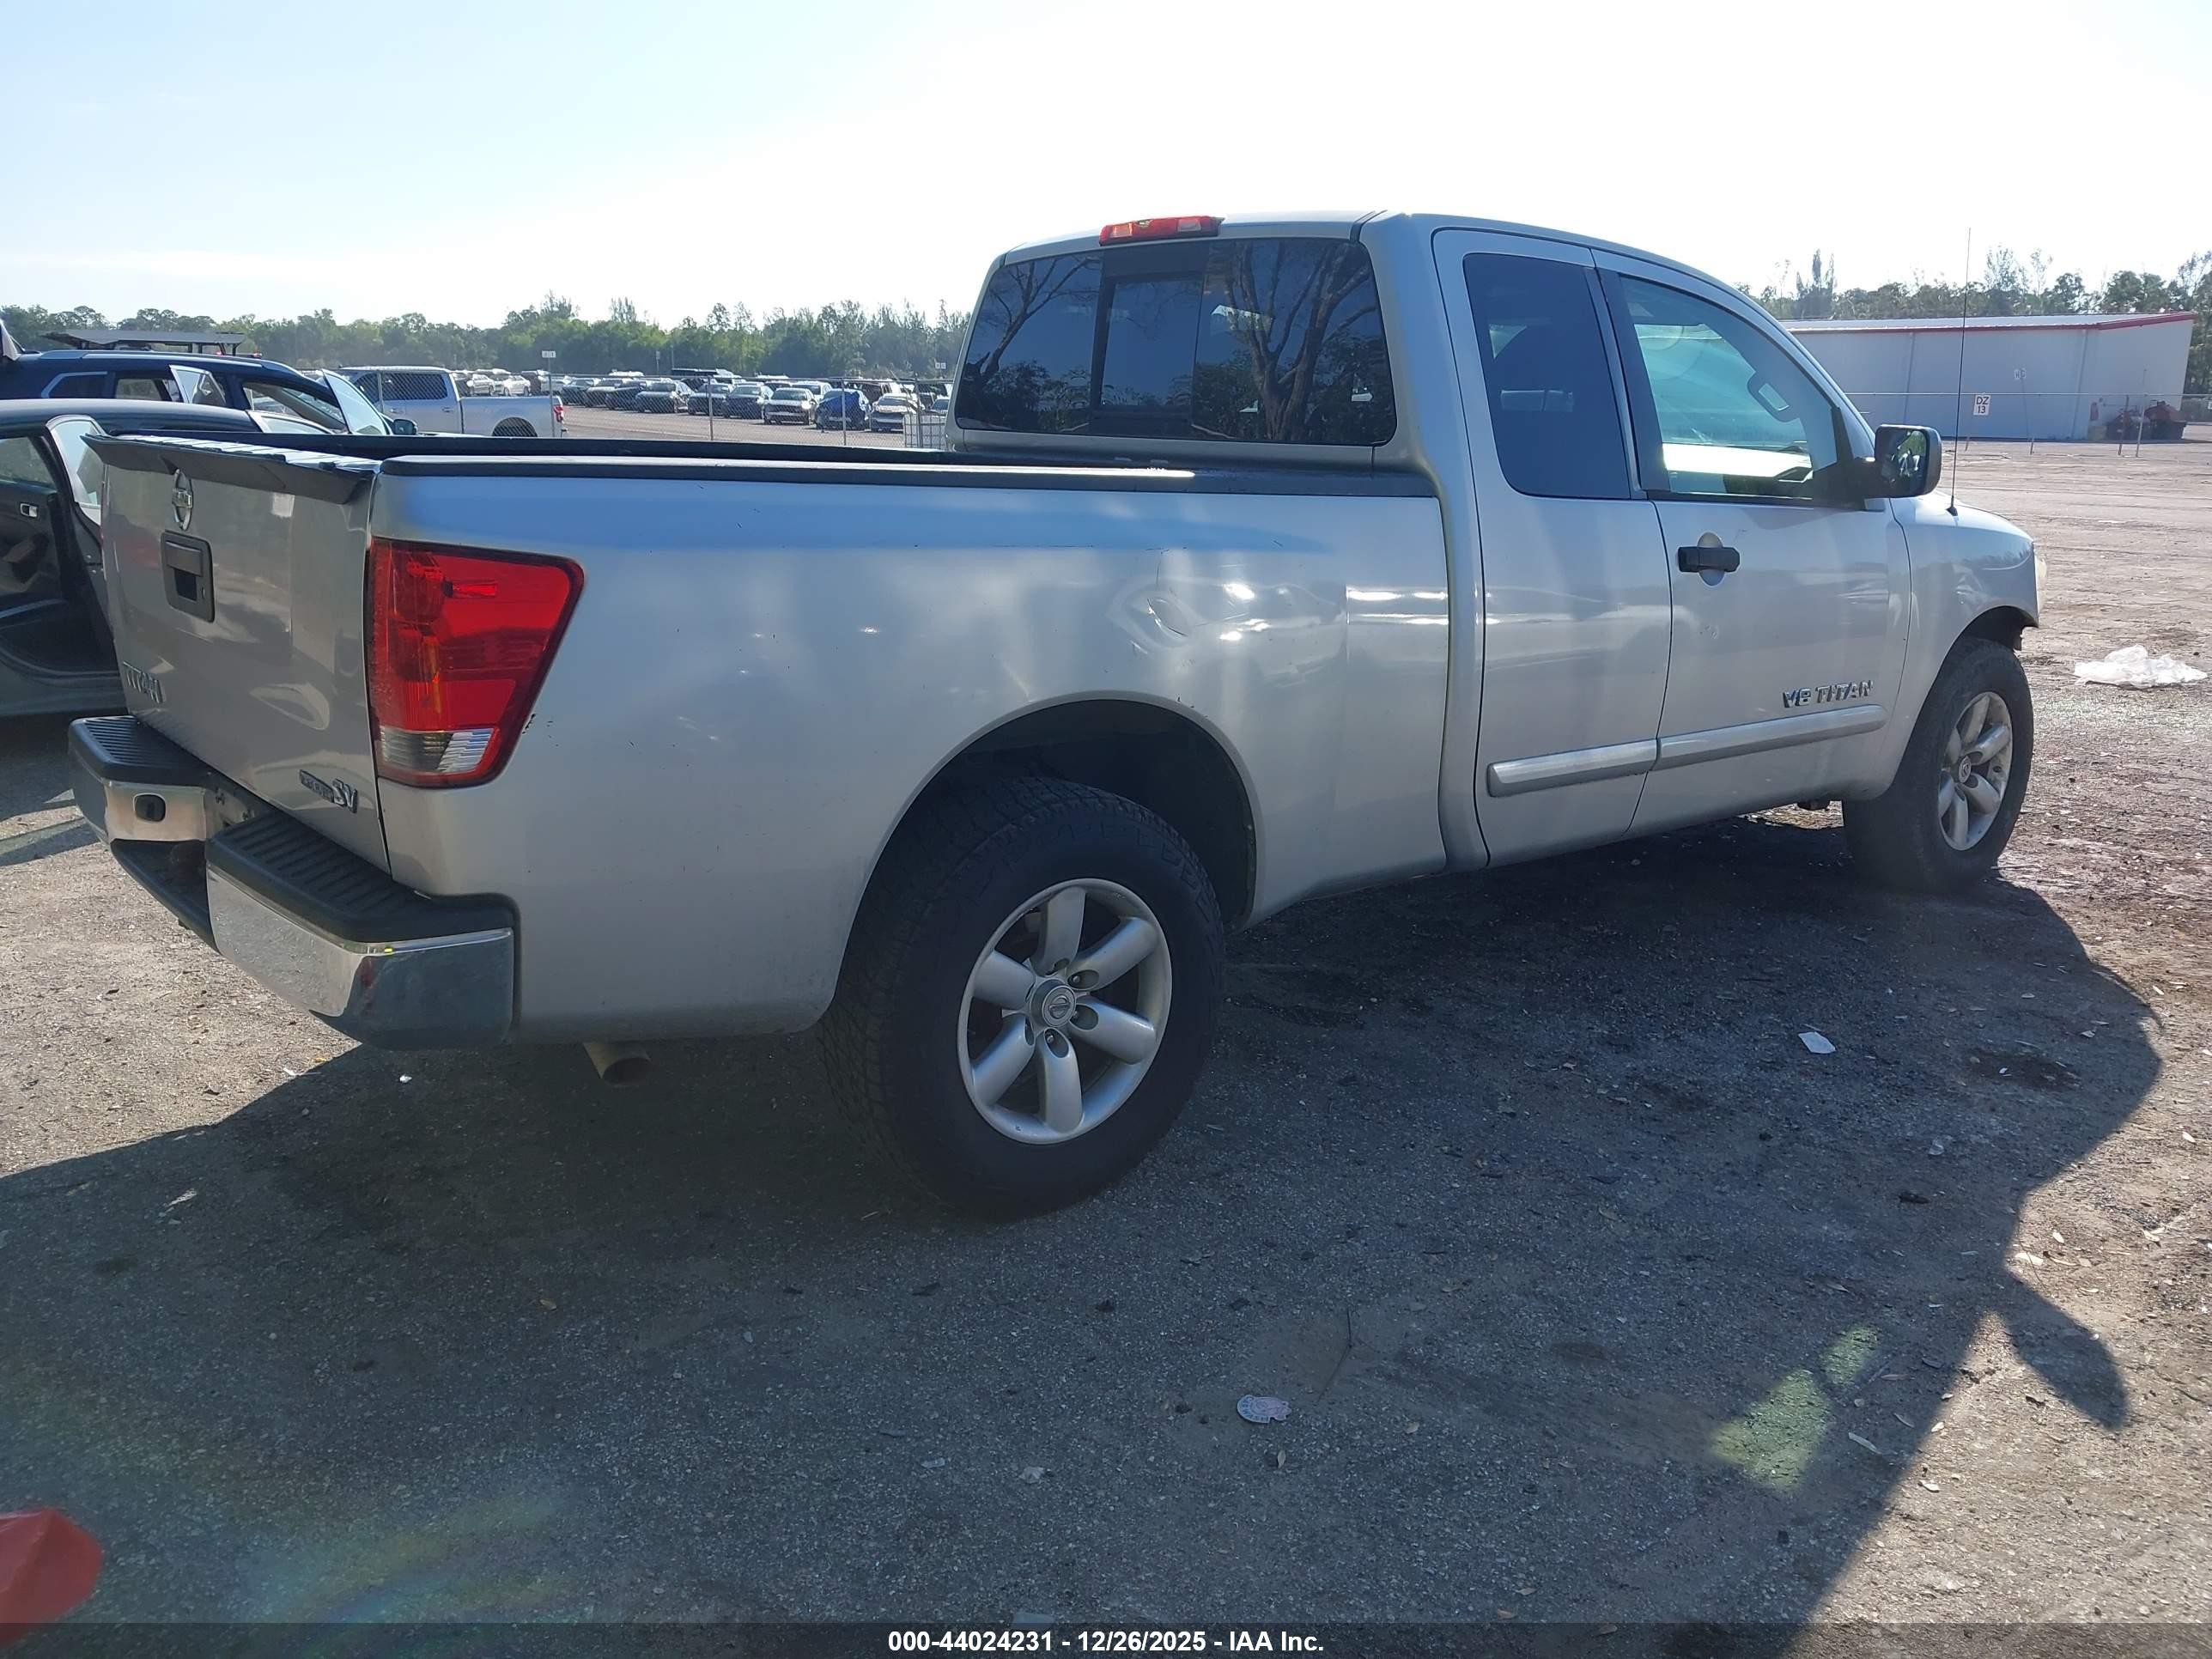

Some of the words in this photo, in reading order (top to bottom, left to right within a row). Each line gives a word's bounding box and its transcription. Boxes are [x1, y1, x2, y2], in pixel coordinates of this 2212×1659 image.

[1976, 397, 1990, 405] DZ
[1978, 405, 1986, 414] 13
[1782, 688, 1812, 708] V8
[1814, 680, 1874, 703] TITAN
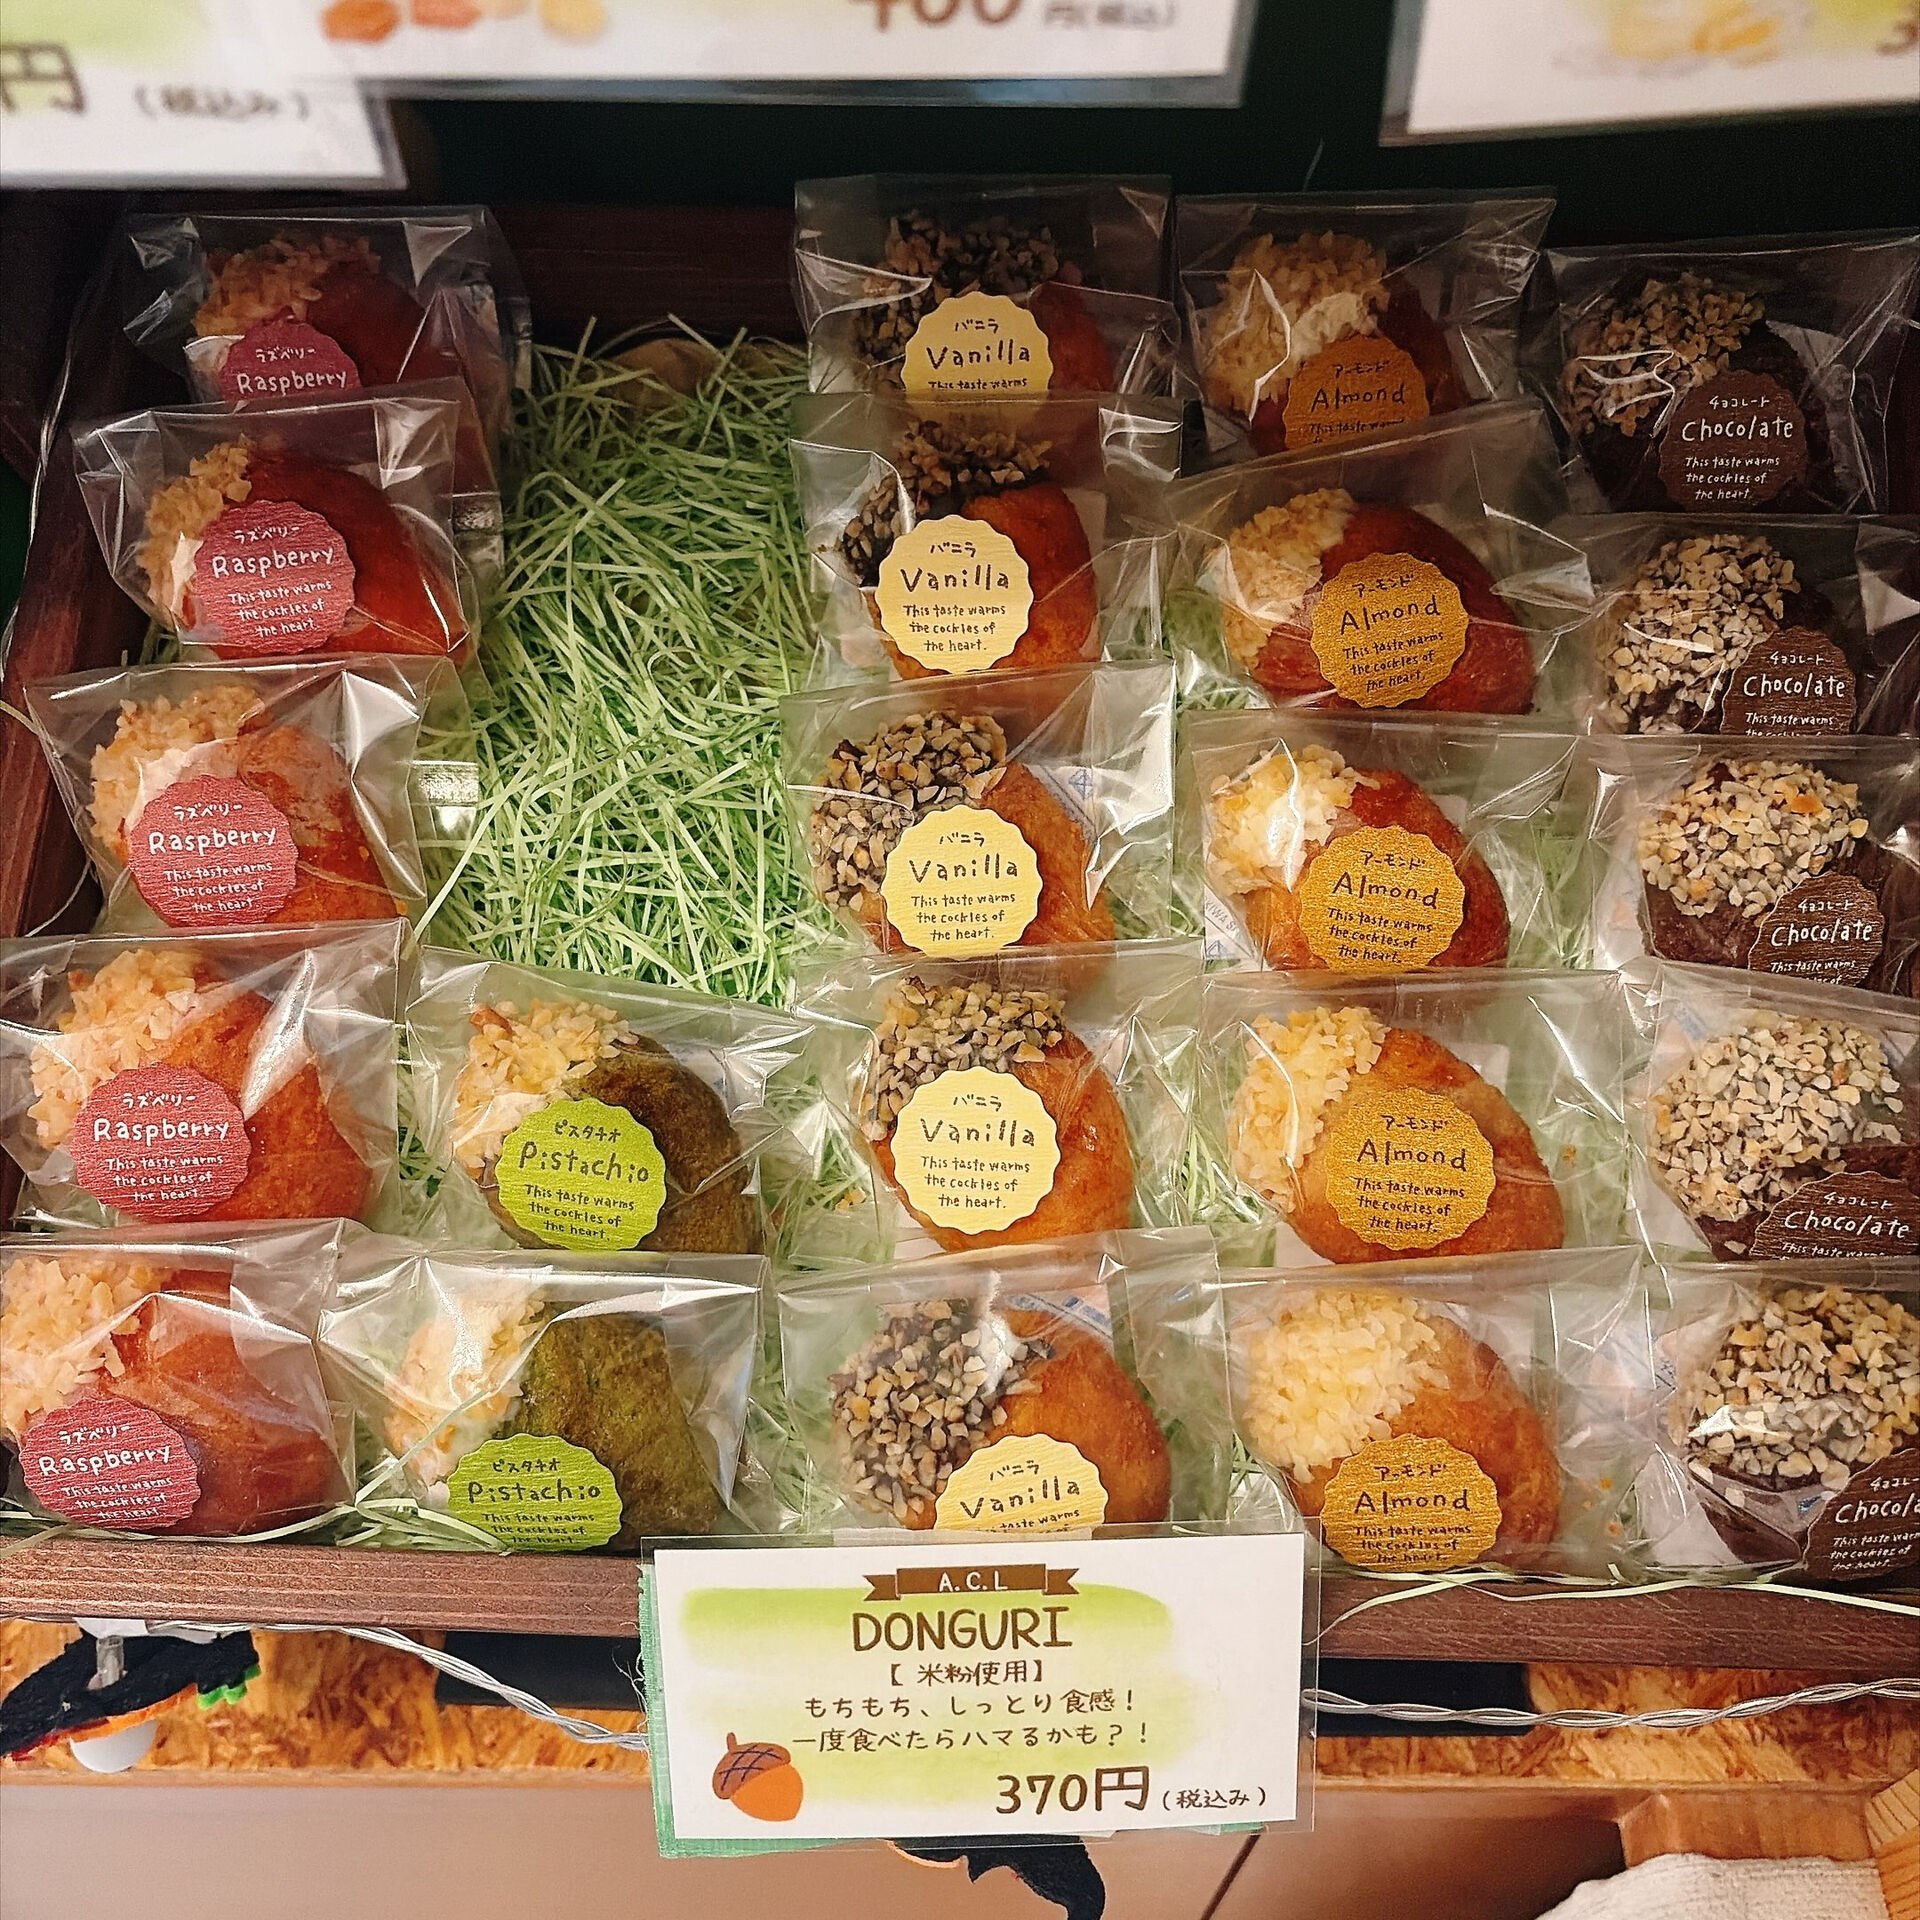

# What this task involves:
Set the data above down again exactly as given, with no pictures.

# Task solution:
Some of the words in this photo, in reading order (top to bottom, left to right within a row). Each line gives a word's bounding box and its transcription. Boxes are [x1, y1, x2, y2], in pixel coordinates of this 2212×1659 image.

[1976, 397, 1990, 405] DZ
[1978, 405, 1986, 414] 13
[1782, 688, 1812, 708] V8
[1814, 680, 1874, 703] TITAN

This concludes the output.